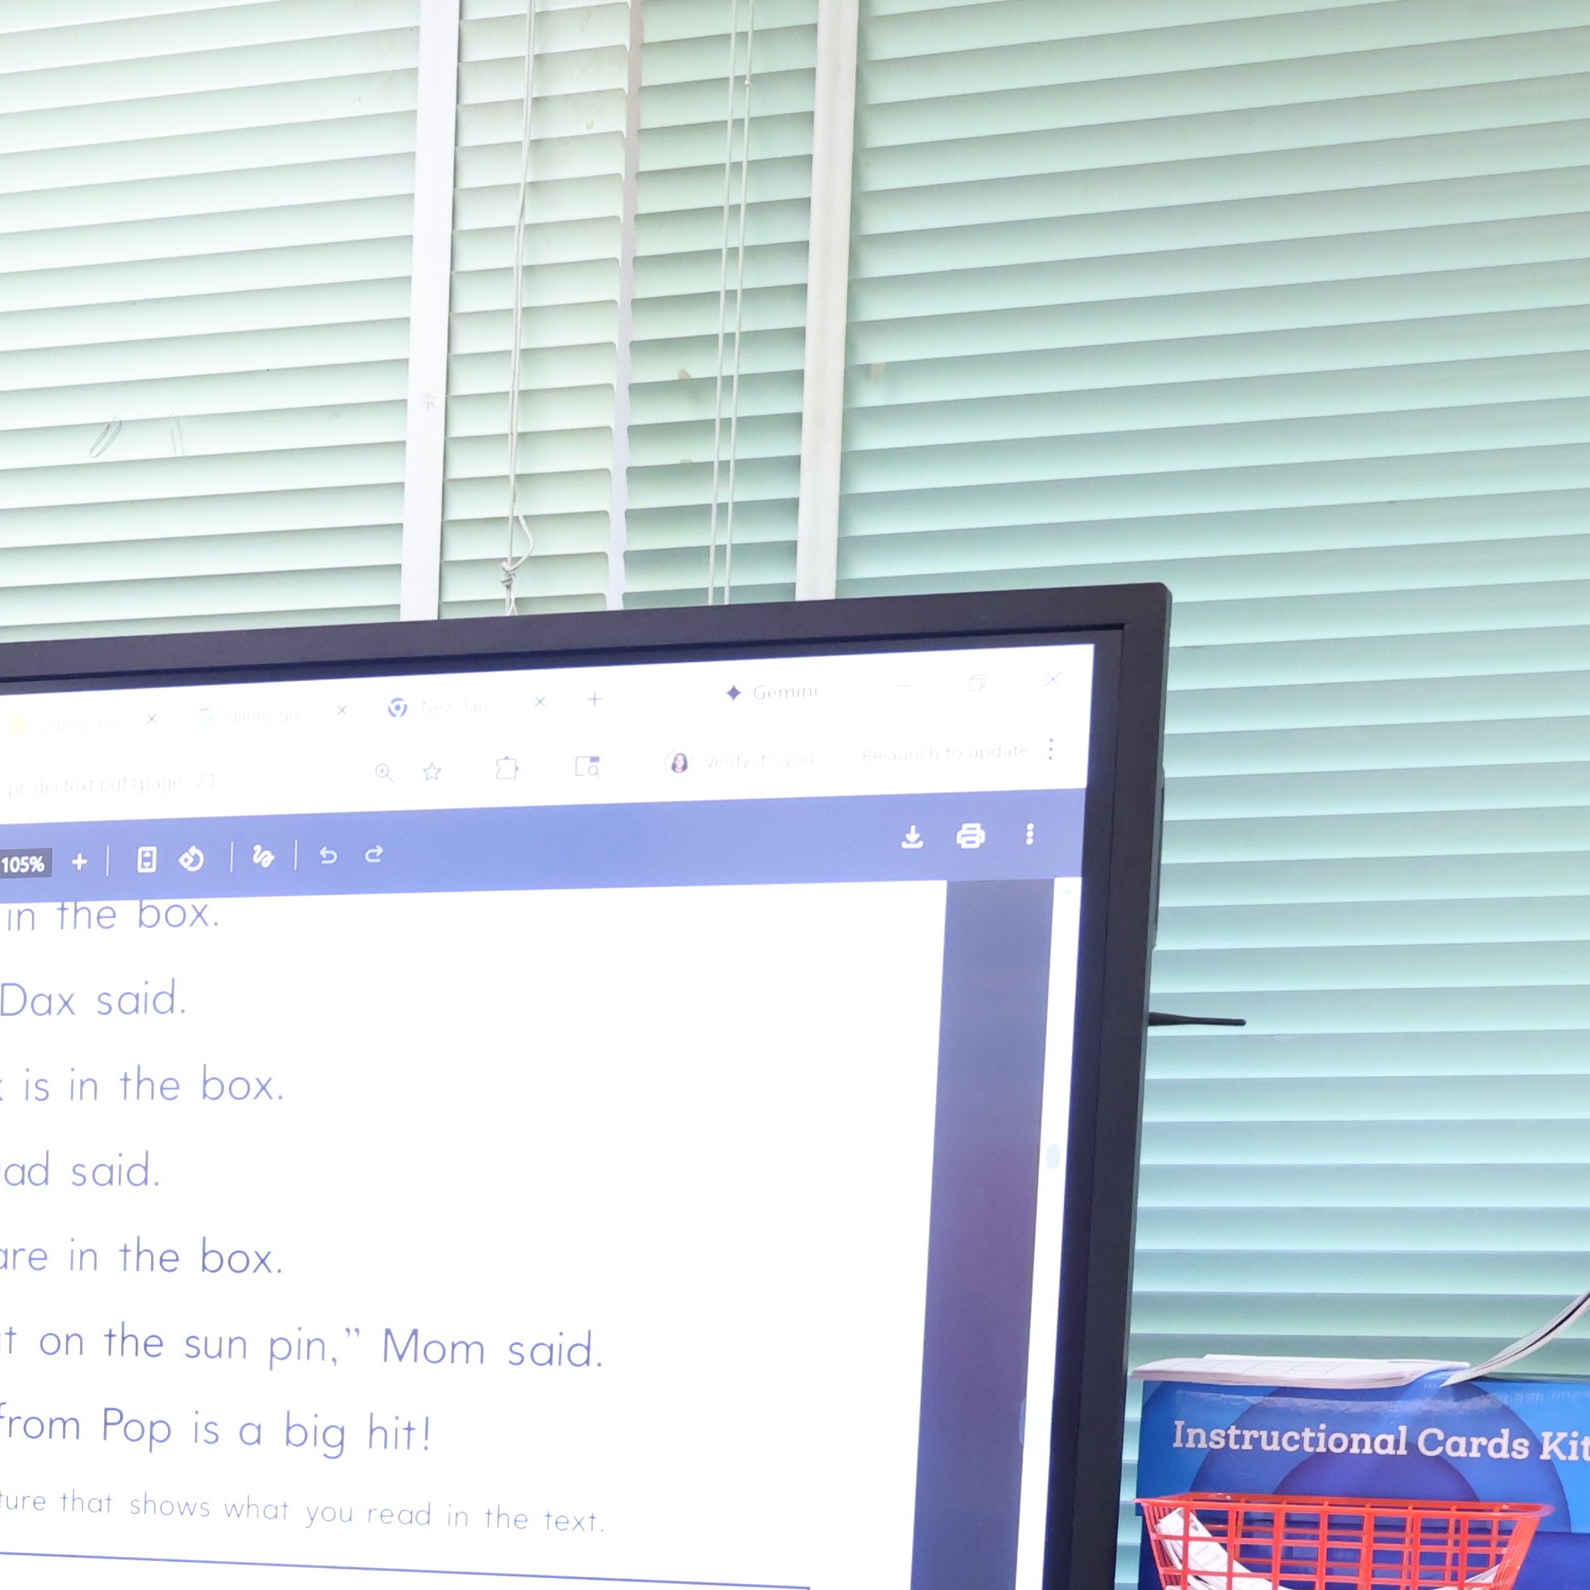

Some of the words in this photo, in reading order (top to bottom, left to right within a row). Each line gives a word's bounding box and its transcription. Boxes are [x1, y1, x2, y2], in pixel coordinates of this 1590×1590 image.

[862, 745, 939, 763] Relaunch
[945, 746, 963, 761] to
[968, 743, 1030, 765] update
[0, 856, 45, 874] 105%
[7, 907, 35, 932] in
[56, 901, 117, 931] the
[138, 900, 219, 929] box.
[0, 982, 76, 1018] Dax
[96, 977, 186, 1016] said.
[24, 1068, 50, 1102] is
[69, 1067, 98, 1101] in
[119, 1064, 181, 1102] the
[201, 1063, 284, 1101] box.
[70, 1149, 160, 1187] said.
[69, 1237, 98, 1272] in
[118, 1235, 180, 1273] the
[201, 1235, 283, 1274] box.
[39, 1332, 84, 1357] on
[103, 1320, 164, 1358] the
[184, 1335, 247, 1360] sun
[268, 1325, 361, 1372] pin,”
[383, 1327, 485, 1365] Mom
[507, 1328, 603, 1368] said.
[103, 1406, 172, 1454] Pop
[193, 1409, 220, 1446] is
[238, 1421, 263, 1446] a
[285, 1409, 346, 1460] big
[368, 1411, 430, 1452] hit!
[1172, 1420, 1408, 1456] Instructional
[1417, 1427, 1531, 1461] Cards
[60, 1488, 114, 1514] that
[129, 1491, 211, 1518] shows
[223, 1494, 291, 1520] what
[304, 1504, 353, 1529] you
[367, 1501, 432, 1527] read
[447, 1503, 469, 1528] in
[483, 1503, 529, 1530] the
[544, 1510, 605, 1532] text.

**Problem:** For every line above, produce an exact transcription that omits the images.

**Task result:**
Some of the words in this photo, in reading order (top to bottom, left to right within a row). Each line gives a word's bounding box and its transcription. Boxes are [x1, y1, x2, y2], in pixel coordinates of this 1590×1590 image.

[862, 745, 939, 763] Relaunch
[945, 746, 963, 761] to
[968, 743, 1030, 765] update
[0, 856, 45, 874] 105%
[7, 907, 35, 932] in
[56, 901, 117, 931] the
[138, 900, 219, 929] box.
[0, 982, 76, 1018] Dax
[96, 977, 186, 1016] said.
[24, 1068, 50, 1102] is
[69, 1067, 98, 1101] in
[119, 1064, 181, 1102] the
[201, 1063, 284, 1101] box.
[70, 1149, 160, 1187] said.
[69, 1237, 98, 1272] in
[118, 1235, 180, 1273] the
[201, 1235, 283, 1274] box.
[39, 1332, 84, 1357] on
[103, 1320, 164, 1358] the
[184, 1335, 247, 1360] sun
[268, 1325, 361, 1372] pin,”
[383, 1327, 485, 1365] Mom
[507, 1328, 603, 1368] said.
[103, 1406, 172, 1454] Pop
[193, 1409, 220, 1446] is
[238, 1421, 263, 1446] a
[285, 1409, 346, 1460] big
[368, 1411, 430, 1452] hit!
[1172, 1420, 1408, 1456] Instructional
[1417, 1427, 1531, 1461] Cards
[60, 1488, 114, 1514] that
[129, 1491, 211, 1518] shows
[223, 1494, 291, 1520] what
[304, 1504, 353, 1529] you
[367, 1501, 432, 1527] read
[447, 1503, 469, 1528] in
[483, 1503, 529, 1530] the
[544, 1510, 605, 1532] text.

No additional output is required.